Argentina debe negociar constructivamente con sus acreedores para conseguir un alto grado de participación en su reestructuración".
El viernes, responsables de alto rango del Fondo Monetario Internacional y de
Argentina fijaron un encuentro para el lunes en Miami. Muchos funcionarios del G-7 expresaron en Florida su frustración por la lentitud del país sudamericano en reestructurar su deuda y hacer las reformas a las que se comprometió en septiembre.
El Gobierno argentino contestó en la noche del sábado con un comunicado del Ministerio de Economía donde subrayó que está cumpliendo plenamente su pacto con el FMI al tiempo que busca "obtener la participación más amplia posible de acreedores en la reestructuración dentro (. .) del objetivo de cumplir con la deuda social interna".
"Las pautas para reestructurar la deuda privada, formulada en Dubai, fundada en las reglas de la 'buena fe' en un marco en que por vez primera las instituciones multilaterales no aportan fondos - por el contrario reducen su exposición -, brindan trato equitativo a todos los acreedores", agregó.
Antes del fin de la reunión de autoridades financieras de Estados Unidos, Japón, Alemania, Gran Bretaña, Francia,
Italia y Canadá, el ministro de Economía británico, Gordon Brown, anticipó "una fuerte declaración sobre
Argentina en el comunicado instando a que avance el proceso de reformas allá".
Japón,
Italia y el Reino Unido estuvieron entre los ocho países de los 24 miembros ejecutivos del directorio del FMI que la semana pasada tomaron la inusual decisión de abstenerse de apoyar a
Argentina en la revisión del programa crediticio del país sudamericano, frustrados por la lenta marcha de la reestructuración de la deuda incumplida de 88.000 millones de dólares.
Brown dijo que Gran Bretaña negó su respaldo en el FMI porque "quería asegurarse que (los argentinos) harían las reformas comprometidas".
Francia también está molesta y podría inclinarse a abstenerse, o negar su aprobación, en la votación de la segunda revisión que se realizará el 9 de marzo, al igual que otros miembros del G-7, dijeron los funcionarios.
El Gobierno de
París está irritado por la manera en que Buenos Aires ha tratado a las filiales de las empresas de servicios públicos.
El mes pasado,
Argentina canceló un contrato al grupo francés de servicios electrónicos Thales, que opera teléfonos
móviles, debido a que no cumplió con el contrato suscrito.
El presidente argentino, Néstor Kirchner, también advirtió a otra firma de esa nacionalidad proveedora de servicios de acueducto -
Aguas Argentinas, filial local de Suez - sobre las consecuencias posibles si no invierte para mejorar su infraestructura.
Los analistas creen que es probable que el FMI demore la aprobación de la segunda revisión del 9 de marzo -algo que una fuente del G-7 calificó de posibilidad creciente- lo que prepararía el terreno para una repetición del breve incumplimiento en el que incurrió
Argentina con el organismo en septiembre.
"La situación entre
Argentina y el G-7, en la forma del FMI, se dirige hacia una confrontación.

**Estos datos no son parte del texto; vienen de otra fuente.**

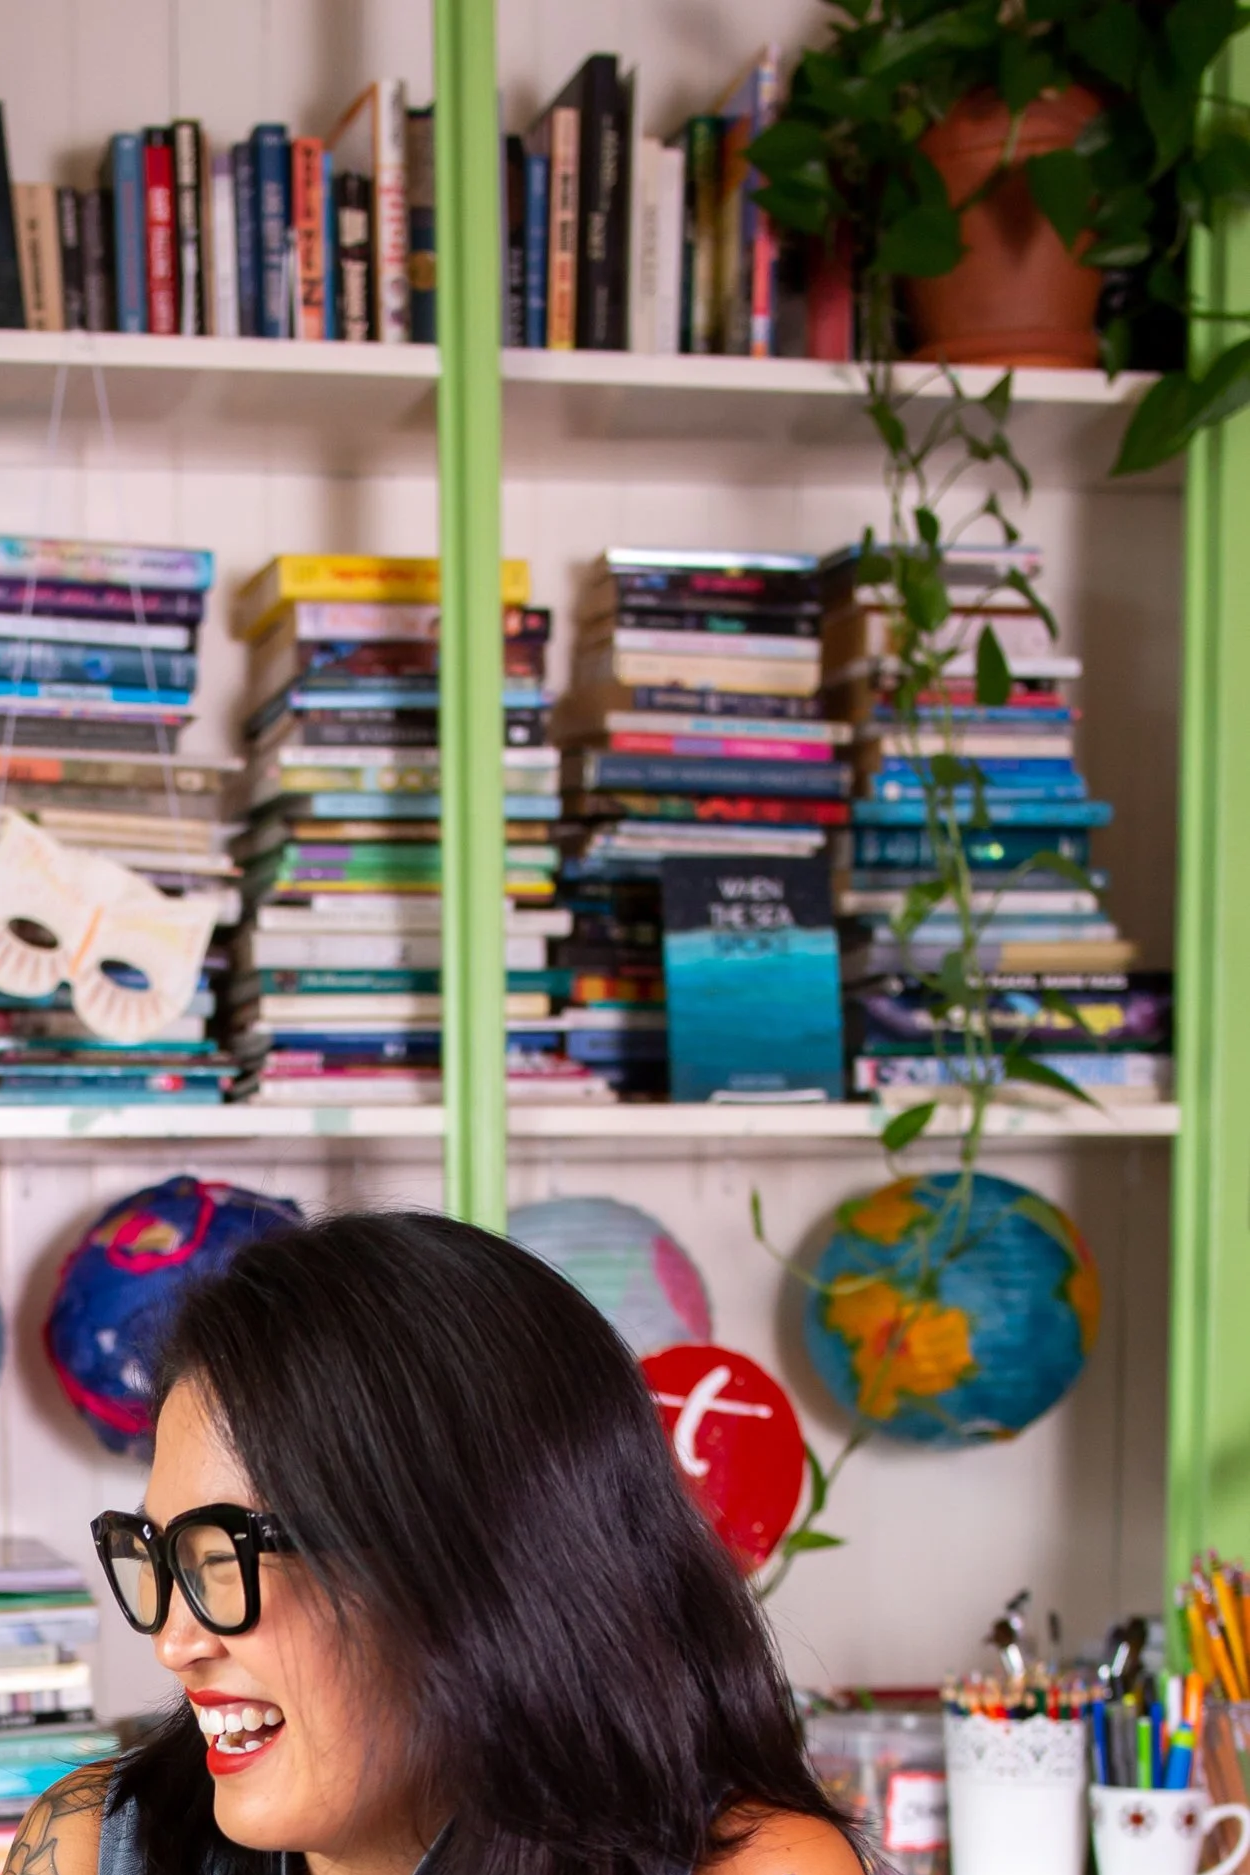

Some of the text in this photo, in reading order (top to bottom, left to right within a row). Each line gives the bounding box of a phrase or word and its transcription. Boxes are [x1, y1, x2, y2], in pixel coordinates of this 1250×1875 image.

[717, 876, 784, 900] WHEN
[708, 902, 796, 926] THE SEA
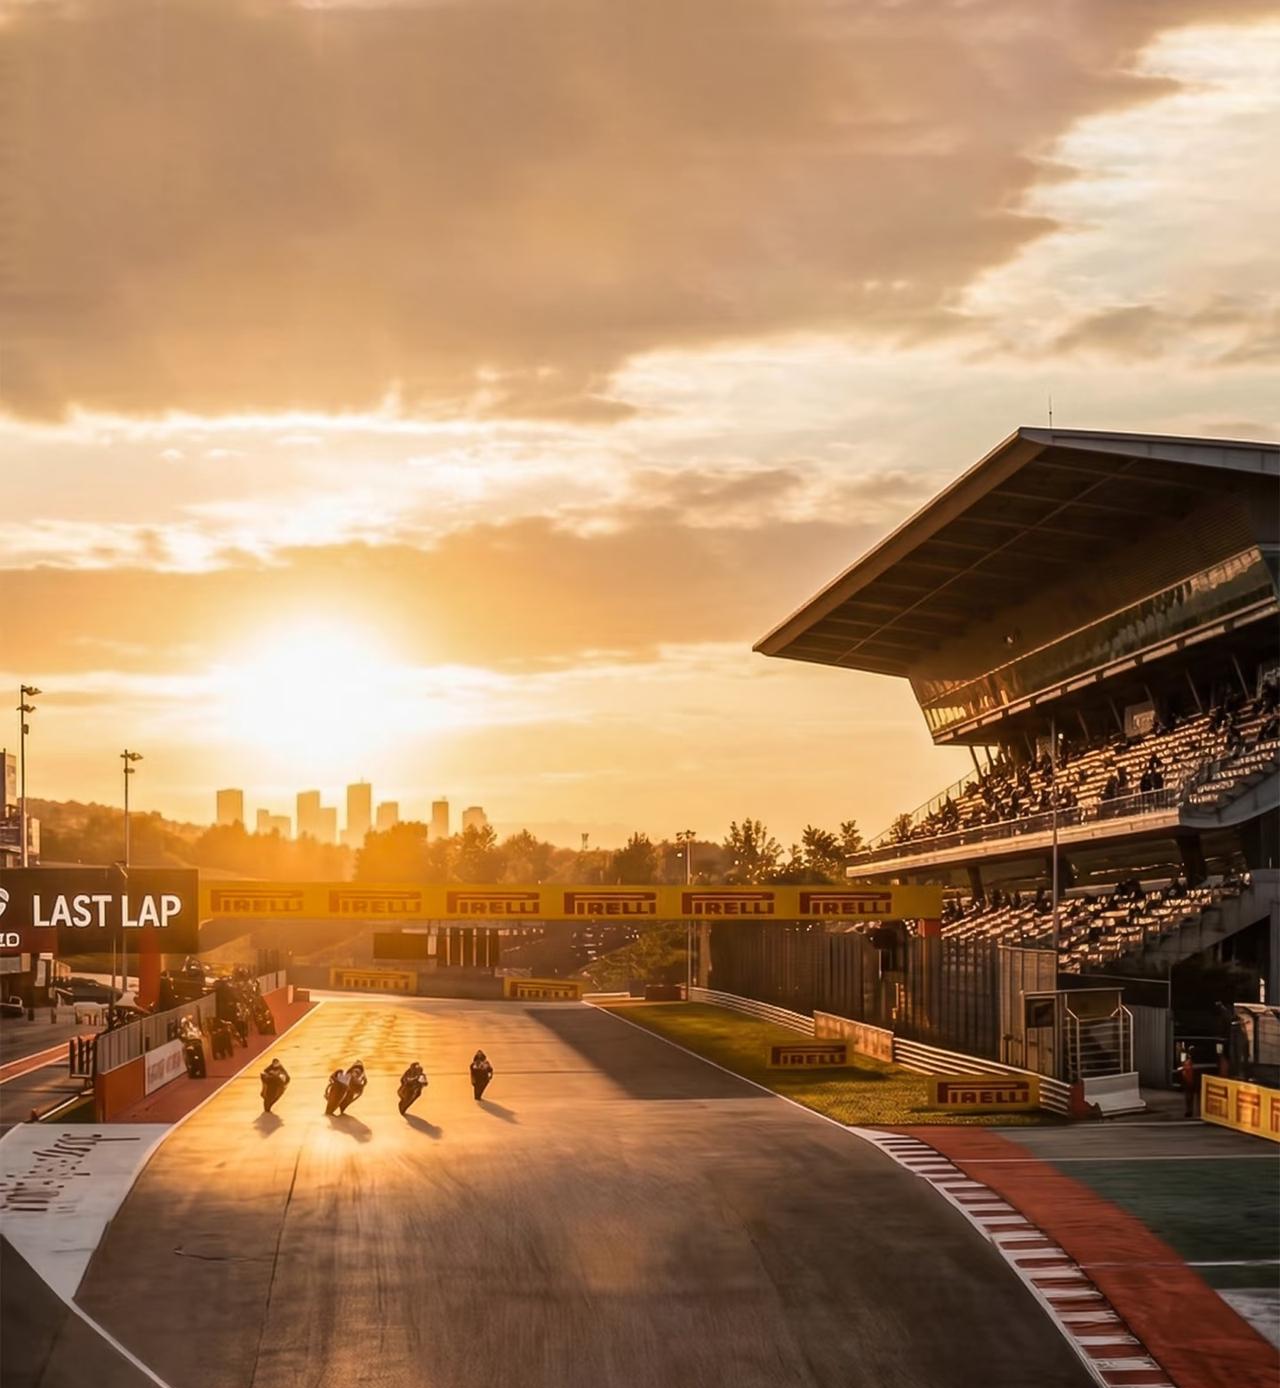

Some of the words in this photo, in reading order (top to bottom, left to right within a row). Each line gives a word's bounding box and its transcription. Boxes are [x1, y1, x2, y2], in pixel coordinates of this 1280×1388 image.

[33, 894, 112, 927] LAST
[121, 894, 182, 927] LAP
[329, 890, 421, 914] PIRELLI
[447, 891, 540, 915] PIRELLI
[564, 891, 656, 915] PIRELLI
[682, 891, 774, 915] PIRELLI
[800, 891, 892, 915] PIRELLI
[771, 1044, 847, 1066] PIRELLI
[936, 1081, 1030, 1104] PIRELLI

No se pueden tener negociaciones serias cuando los bancos quieren 65 centavos (por cada dólar de los bonos incumplidos) y les ofrecen 10 centavos", dijo la fuente.
Buenos Aires se ha mantenido firme en la oferta que hizo en septiembre a los tenedores de bonos de pagar el 25 por ciento de la deuda nominal -una oferta que los analistas consideran equivalente a 10 centavos por dólar en el mejor de los casos, si incluye los intereses vencidos de los últimos dos años.
Argentina es uno de los principales deudores del FMI, con el 16 por ciento del
crédito otorgado por el organismo pendiente de cobro, pero un representante del G-7 dijo que los países ricos están decididos a poner un límite a Buenos Aires, aunque esto derive en un incumplimiento de pagos del país de su deuda con la entidad.